Over the last three decades, ETFs have become a hugely popular investment vehicle. The first ETF emerged in the U.S. in 1993; currently there are thousands available and ETFs have some $10 trillion in assets under management. Historically, ETFs have allowed investors to buy into a basket of stocks, like a mutual fund, but with the value of the ETF being recalculated every day, like an individual stock.
Now, ETFs are being offered that allow investors exposure to a single stock. This week, for example, GraniteShares began offering single-stock ETFs for Apple, Coinbase, and Tesla.

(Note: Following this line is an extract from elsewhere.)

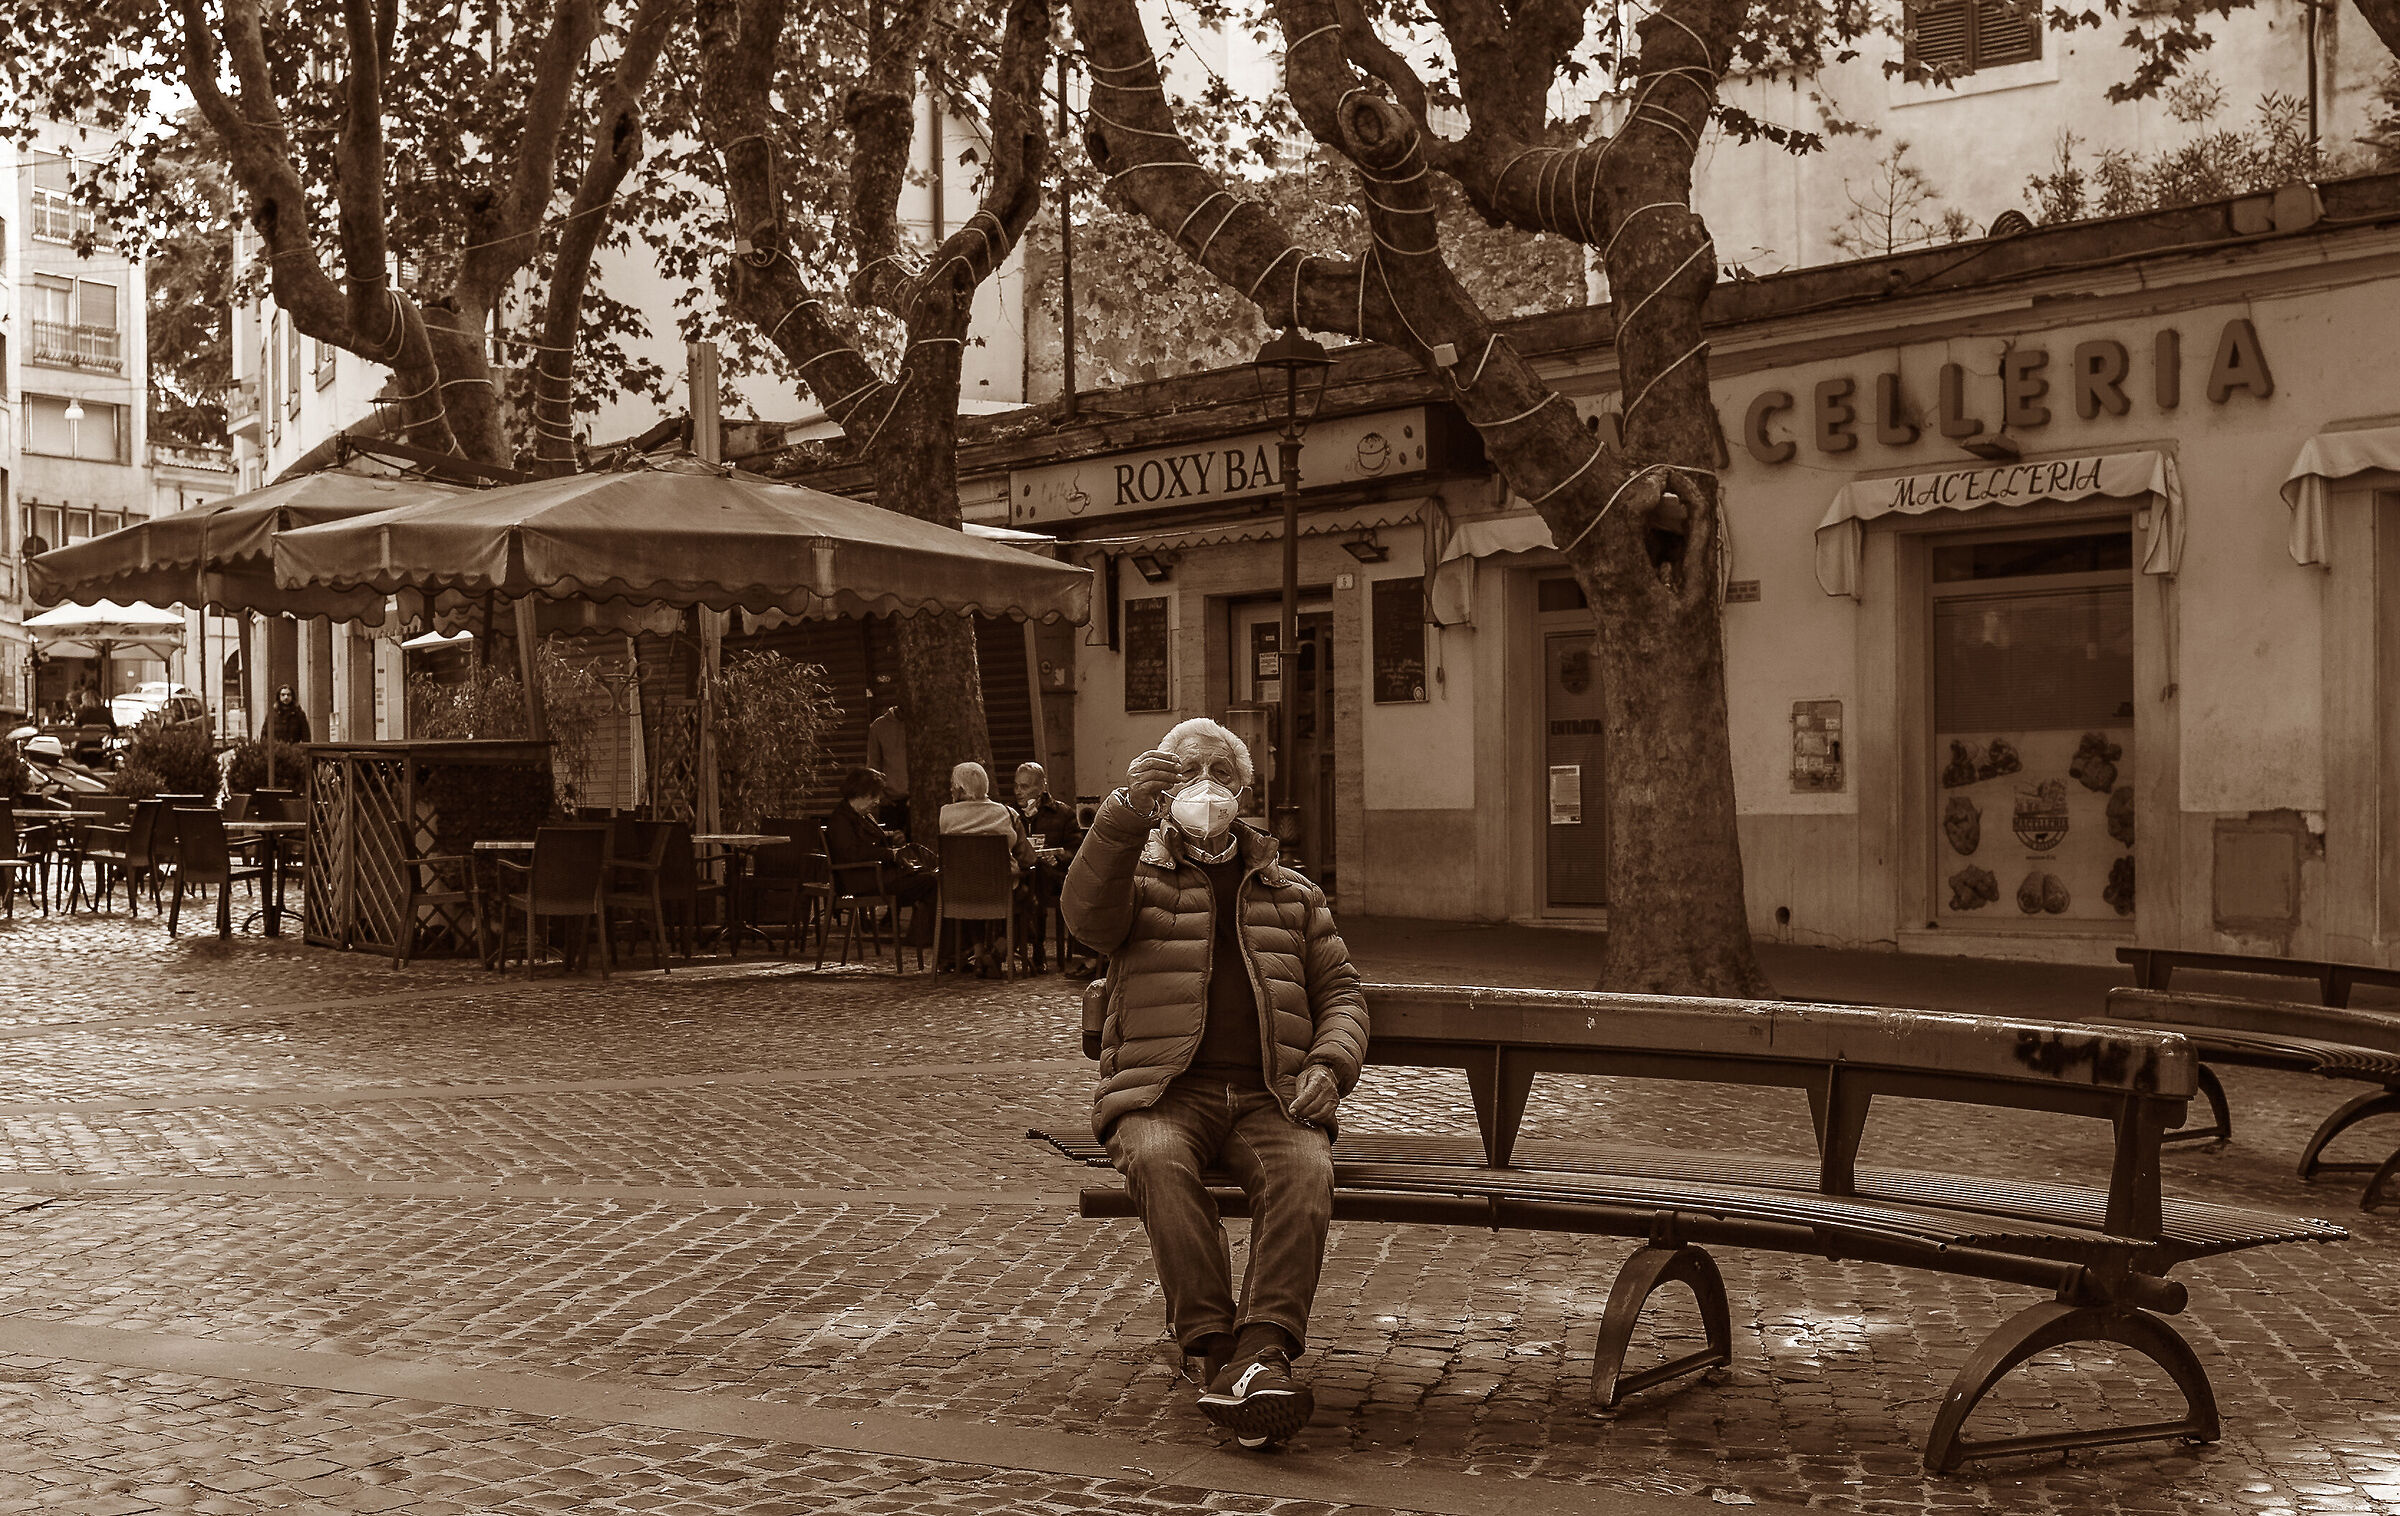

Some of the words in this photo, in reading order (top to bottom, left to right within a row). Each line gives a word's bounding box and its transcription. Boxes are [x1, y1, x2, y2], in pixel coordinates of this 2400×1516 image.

[1605, 318, 2275, 471] CELLERIA
[1113, 450, 1216, 506] ROXY
[1887, 457, 2103, 509] MACELLERIA

Will Rhind, the CEO of GraniteShares, said that the funds offer “amplified exposure” to these popular stocks. One of GraniteShares’ funds, for example, offers investors 1.75 times the increase in Apple stock; if the stock goes up a dollar on a given day, the fund will pay its investors $1.75. That also means that if the stock goes down a dollar, the investor loses $1.75. A firm like GraniteShares theoretically makes money on such offerings by charging management fees that are higher than the industry norm. Other single stock ETFs allow investors to make a negative bet—similar to shorting—on a stock, profiting from a decline in its share value. As a result, the most likely purchasers of single stock ETFs are active investors, as opposed to long-term, buy-and-hold investors.
Single stock ETFs have been available outside the U.S. since at least 2019; GraniteShares says that it offers 106 such funds in the largest European markets and the U.K.
Regulators have expressed concern about single stock ETFs. In a statement issued in July, Securities and Exchange Commission commissioner Caroline Crenshaw said: “While I have expressed concern about leveraged and inverse ETFs before, I worry that these single-stock ETFs pose yet another, perhaps greater, risk for investors and the markets.” She added that “investors’ returns over a longer period of time might be significantly lower than they would expect based on the performance of the underlying stock. These effects are likely to be especially pronounced in volatile markets.”
Rhind does not dispute that single stock ETFs are risky. “It’s not for everybody,” he said. “This is for people who want to take risks.”